Powell got 33 percent of the vote against Towns in 2008.
Powell intended to address his tax issue with the media on Friday morning, but abruptly canceled a press conference. He then opted to address the issue in a post on a Web site, where, amid bible quotes and recollections from a poverty-stricken childhood, he admitted his debt to Uncle Sam.
He also claimed that the amount on the financial disclosure statement was an overestimate.
“[The debt] is definitely not what is on the financial disclosure statement,” he said.
Then he tried to make himself out to be the Everyman.
“Having debt, struggling to pay one’s mortgage or rent, or owing taxes does not make you a bad person,” he wrote. “It makes you a regular person, one of millions and millions of Americans who are in similar situations.”
Yet Powell’s situation is far from regular.
According to the financial disclosure form, he made $300,000 in the last 18 months — a salary that puts him in the top 97 percent of American households.
Initially, Powell said he was the victim of the “sub-prime mortgage crisis,” but he later admitted that he did not have a sub-prime mortgage at all, but a regular fixed monthly mortgage of $5,000 a month for a condo that he and his mother co-own inside the tony Toy Factory Lofts on Johnson Street between Gold and Prince Streets in Downtown.
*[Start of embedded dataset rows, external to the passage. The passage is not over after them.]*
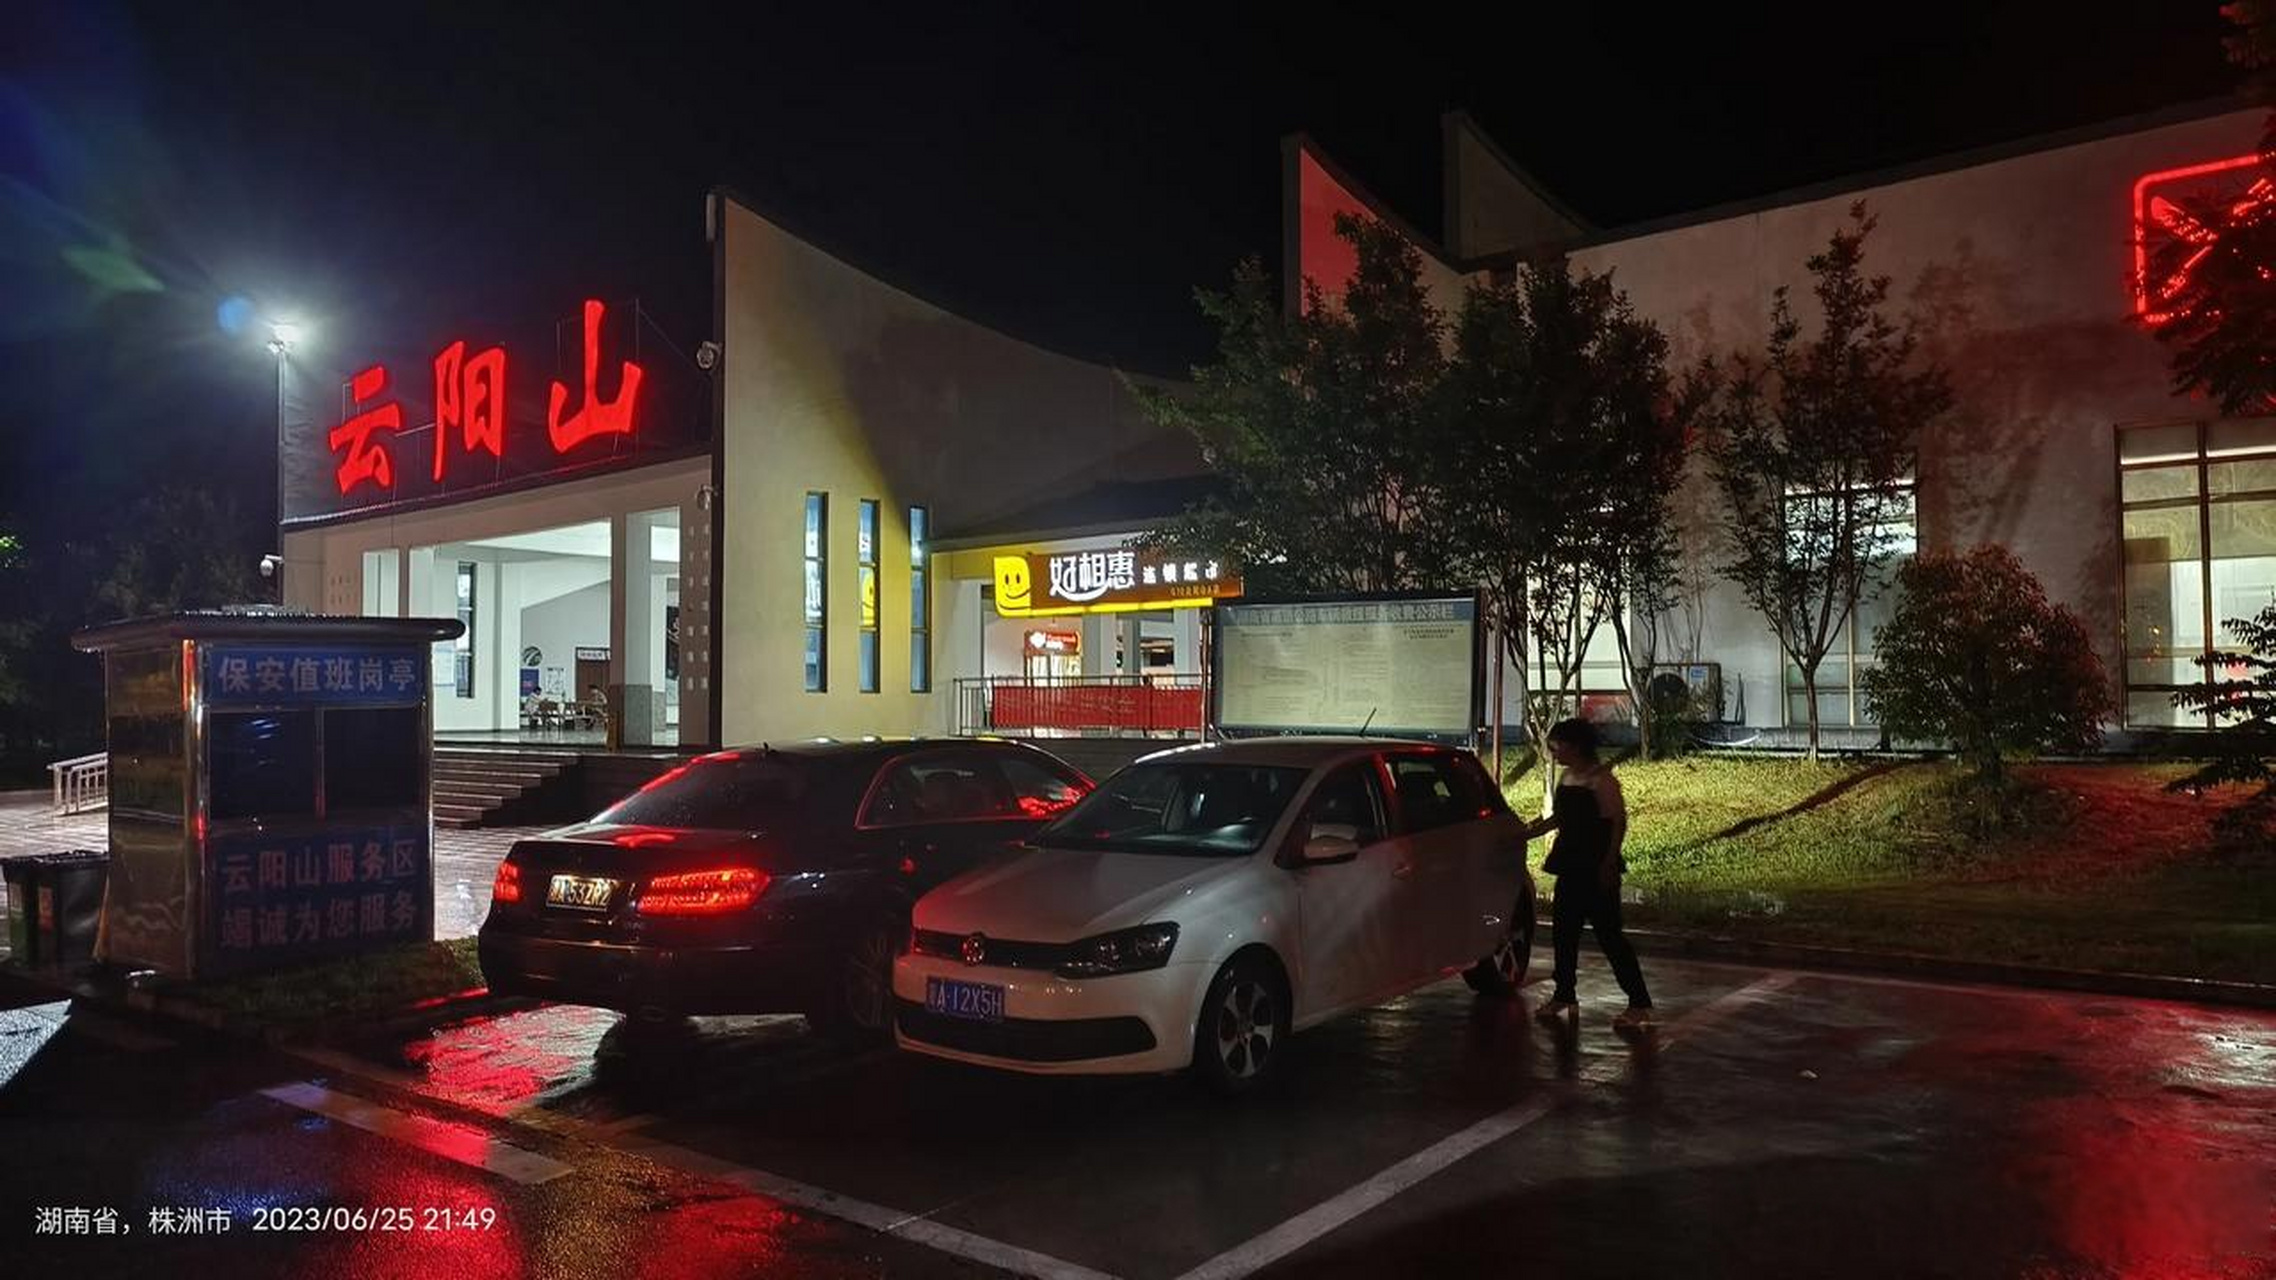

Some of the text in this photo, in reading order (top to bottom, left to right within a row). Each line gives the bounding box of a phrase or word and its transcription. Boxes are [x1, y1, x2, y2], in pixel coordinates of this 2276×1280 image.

[329, 299, 643, 494] 云阳山
[1049, 550, 1136, 602] 好相惠
[218, 655, 416, 693] 保安值班岗亭
[222, 838, 417, 893] 云阳山服务区
[219, 890, 418, 949] 竭诚为您服务
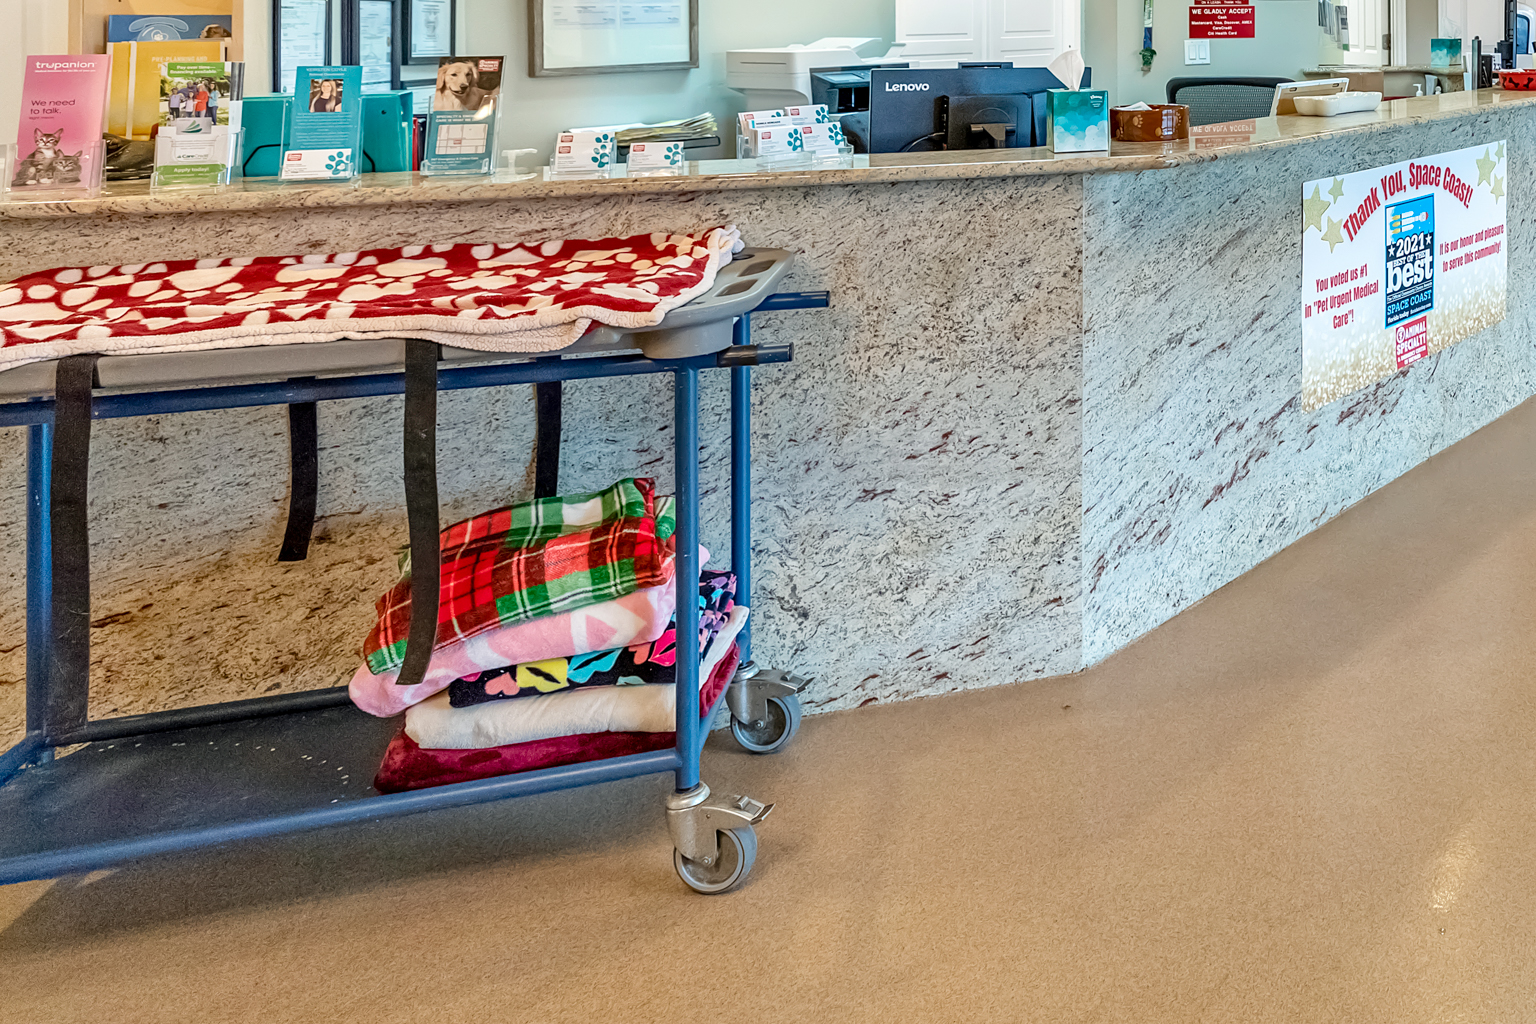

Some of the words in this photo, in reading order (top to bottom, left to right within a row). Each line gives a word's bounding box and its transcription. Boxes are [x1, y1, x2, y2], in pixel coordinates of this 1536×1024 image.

Powell said his main source of income came from giving speeches at colleges. When the recession hit, many universities cut their speaker series, he said.
Later in the day, the Powell campaign put out a rambling statement that sought to divert attention from the financial problems by calling Sheinkopf a “political mercenary” who actually tried to get a job with Powell last time around.
“[He] approached Kevin Powell in 2008 claiming that [Towns] … had done nothing for the district and that only his style of attack politics could deliver Kevin the election,” said Powell spokesman Aaron Golembiewski. “Our candidate decided against hiring Mr. Sheinkopf because he was disgusted by the nasty derision he brought to the table and preferred to engage congressman on the issues. That Mr. Sheinkopf and Mr. Towns would brutally attack Kevin Powell when he admits his financial situation is extremely tenuous, and that he still pushed forward with his campaign because of his love for his community, demonstrates that Kevin Powell made a good decision to say no to Mr. Sheinkopf.”
It’s not the first time that paperwork has revealed something about the Powell campaign. Two years ago, he failed to file with the Federal Election Commission even though he was already raising money for his campaign.
Powell’s doomed campaign culminates four years of misfires that began in 2006, when he first announced his intentions to unseat Towns, but abandoned his candidacy about a month and a half before the primary.
His 2008 run was bogged with personal missteps, from his admission to being violent towards women to having a much-hyped fundraiser headlined by Dave Chappelle fizzle in front of his eyes when the comedian didn’t show. He even put his foot in his mouth when he promised a group of Orthodox Jews in Williamsburg that he would “bring home the bacon.”
Powell isn’t the only person with mortgage problems. In 2009, Towns was accused of using his influence to get two low-interest loans with Countrywide Financial Corp. through the company’s VIP program. When he received the mortgages in 2003, his interest rate was between 4.5 and 4.625 percent when the national average was between 4.7 and 5.3 percent.
After questions about the loans were raised, Towns switched his mortgages over to Bank of America.
Today, he owes $250,000 on a Florida property and $500,000 on his home in Brooklyn, according to his personal financial disclosure statement.